では当社はどうでしょうか?全く体質が異なります。当社の創業以来のコンセプトは「投資効果の明確なシステムのご提供」で、ウェブサイトにも27年前から明記しています。この「投資効果」を実感していただくのは当然、システムが稼働し正常に運用できて、しばらく経過してから、の話です。したがって当社は、売り切りのシステム制作は一切行わず、運用サポートまでをしっかりと行うビジネスモデルをご提案しています。1件毎に異なる投資効果をどこに置くのか、まずはそこから始めます。患者を増やしたい、待ち時間をなくしたい、スタッフの電話対応ストレスを解消したい、スタッフを減らしたい、利益率を向上させたい。など、今回の導入で何が一番の狙いなのかをまず最初に明確にします。たとえば最近、予防接種予約システムを通年でご検討される医療機関では「誤接種を防止したい」という背景があることを聞かされます。現在の煩雑な小児ワクチンの誤接種は人為的ミスで起きてしまいがちです。当社はそれに対し、誤接種を完全にブロックできる仕組みをご用意できます。このように、各々から期待される投資効果を明確に発揮できるものを提供できなくてはなりません。そのためにはとりもなおさず、業務知識が重要になるのです。「おたくは本当に詳しいね、うちより詳しいくらいだ。」と褒め言葉をよくいただきますが、「ワクチンの予約」と言っても、各々の接種に関する様々な知識、厚労省の予防接種法、年齢ごとに接種量が異なるワクチンや公費、自費、自治体ごとの補助の仕組み、同時接種可能本数や、逆に同時接種不可のワクチン設定、BCGの集団接種、個別接種、更には単独接種にするか否か、バイアルとシリンジの取扱いや、現在、供給量の少ないワクチンの種別や卸の対応など、きわめて複雑な要素があります。これらを常に細かく情報収集し、システムにおいてどのように整理整頓し使いやすく提供するのが望ましいか、それを多くの医療機関に反映することで投資効果は発揮できます。まず前提として「小児ワクチンに関する知識と取扱い」については他社とは比較になりません。なぜそれを自負できるのかは、また次回ご説明するとして、投資効果を前提とし打ち合わせた後に、設定し、動作シミュレーションを行って本稼働となりますが、ここからが本当のスタートになるわけです。稼働後には様々な疑問や使い勝手の変更が発生します。

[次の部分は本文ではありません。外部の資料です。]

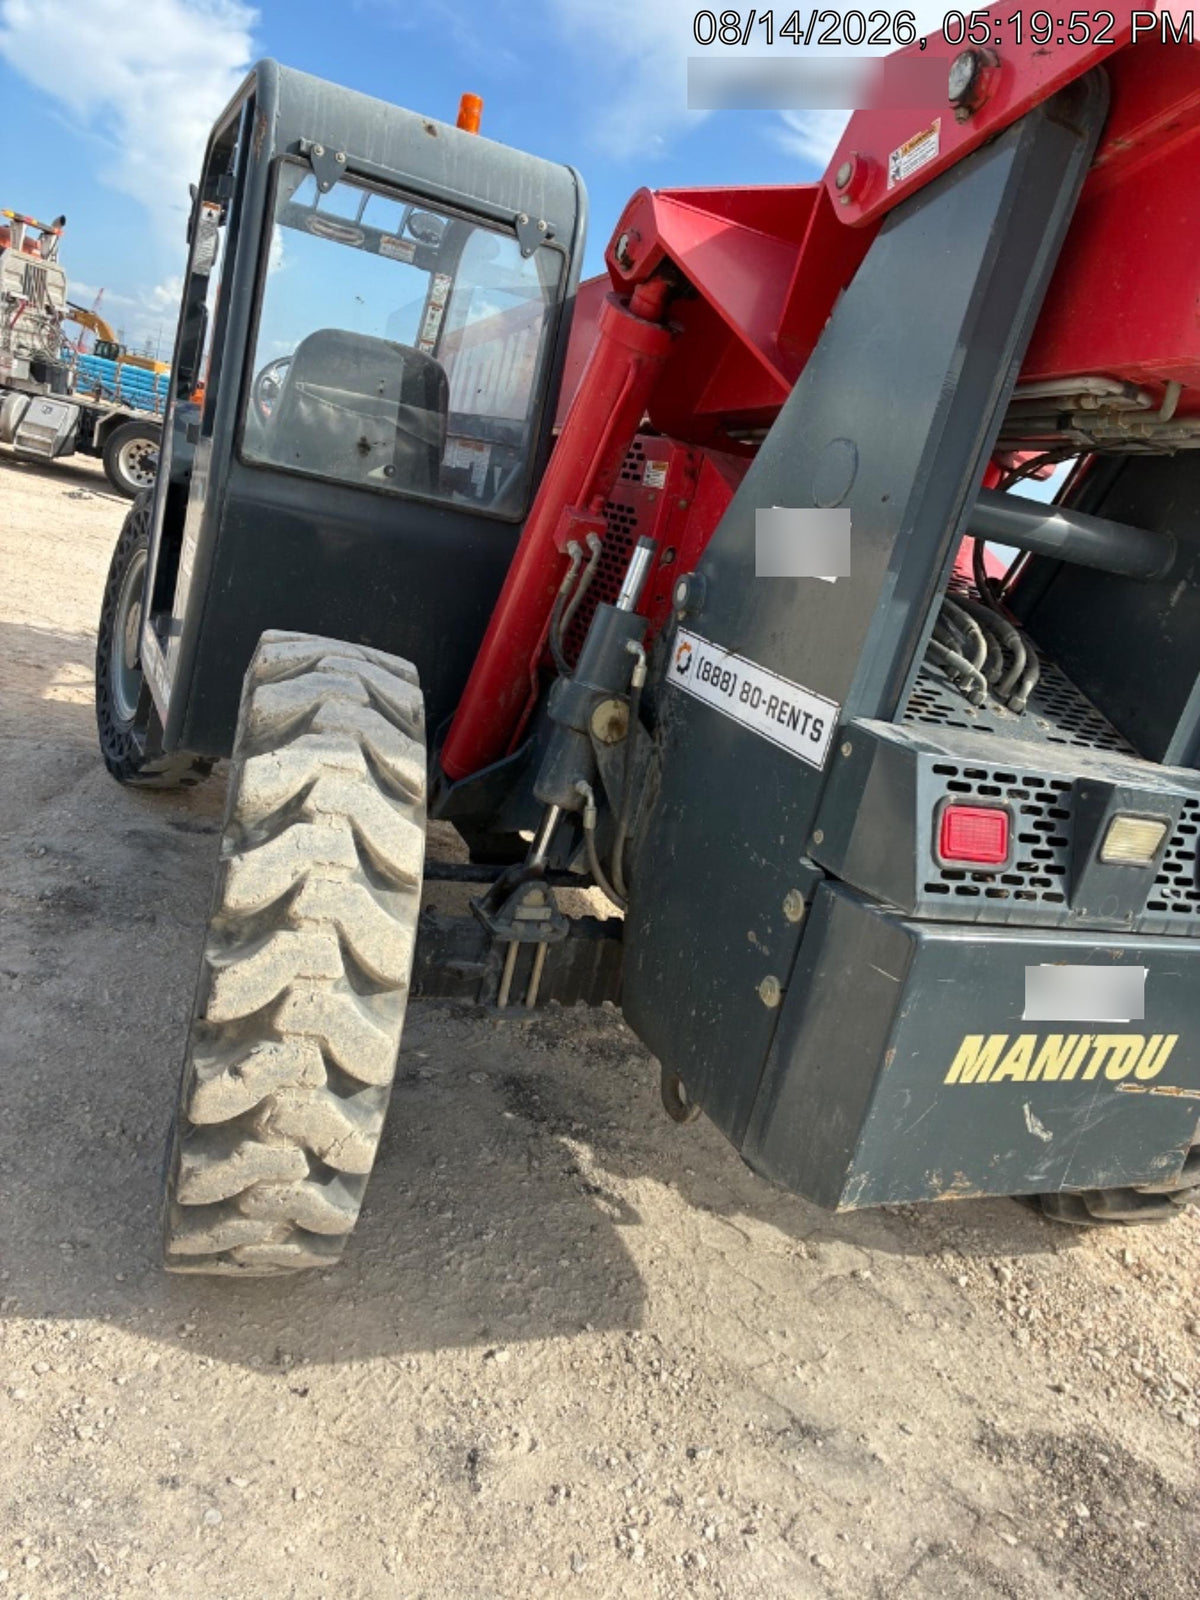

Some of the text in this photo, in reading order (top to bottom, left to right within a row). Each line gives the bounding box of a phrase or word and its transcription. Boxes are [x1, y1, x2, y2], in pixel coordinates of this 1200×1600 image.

[696, 656, 824, 743] (888) 80-RENTS
[943, 1033, 1180, 1085] MANITOU

前置きが長くなりましたが、そこで登場するのが当社のサポート用専用掲示板「ホットライン」です。主治医ドットコムのサービス開始の前に登場したこの仕組みこそ、前述の言った言わない、聞いていない、というトラブルを一切起こさないための顧客とオリヴァーとを結ぶリエゾンなのです。医療機関からの質問をホットラインに入力いただき、こちらから返信する、という実にシンプルな仕組みですが、やりとりのトラブルを防ぐだけでなく、ここには大きな効果が隠されています。それは、使い込んでいくうちに様々なやりとりが発生し、1件ごとにまとめられたスレッドは、やがて医療機関ごとのかけがえのない業務マニュアルに発展していくことです。新しい受付スタッフにはまず、「過去のホットラインを読ませる」という先生も少なくありません。稼働後は全てのやりとりをホットラインに文章で残します。医療機関側は24時間入力可能です。返信は原則的に当社の就業時間内で行いますが、緊急の内容に対しては夜間でもお返事いたします。平日の就業時間内は電話でのお問い合わせも受け付けておりますが、そこでやりとりした内容もすべてホットラインに記載いたします。医療機関ごとの設定に関わる質問やリクエストもあれば、他の医療機関の設定を参考にしたいというご依頼もあります。ここでしっかりと信頼関係を構築しサポートを行っていきます。医療機関の電話対応を軽減するために予約システムを売るという会社が、サポートは担当の携帯に連絡、というやり方では、患者が医療機関へ電話を掛けても話し中で繋がらないとストレスを感じることに似て、スタッフが問い合わせの電話をかけても繋がらないことにもストレスがたまる。ということになります。このホットラインはまさに当社とご利用医療機関をホットにつなぐ専用の質疑応答掲示板です。このホットラインの利便性は他にも様々あります。登録患者にメールを一斉送信する機能もその一例で、もともとは当社が一斉にご利用医療機関にご案内を発信するために作った機能です。システムのレベルは当然ですが、ホットラインのサポートは当社の強力な売りです。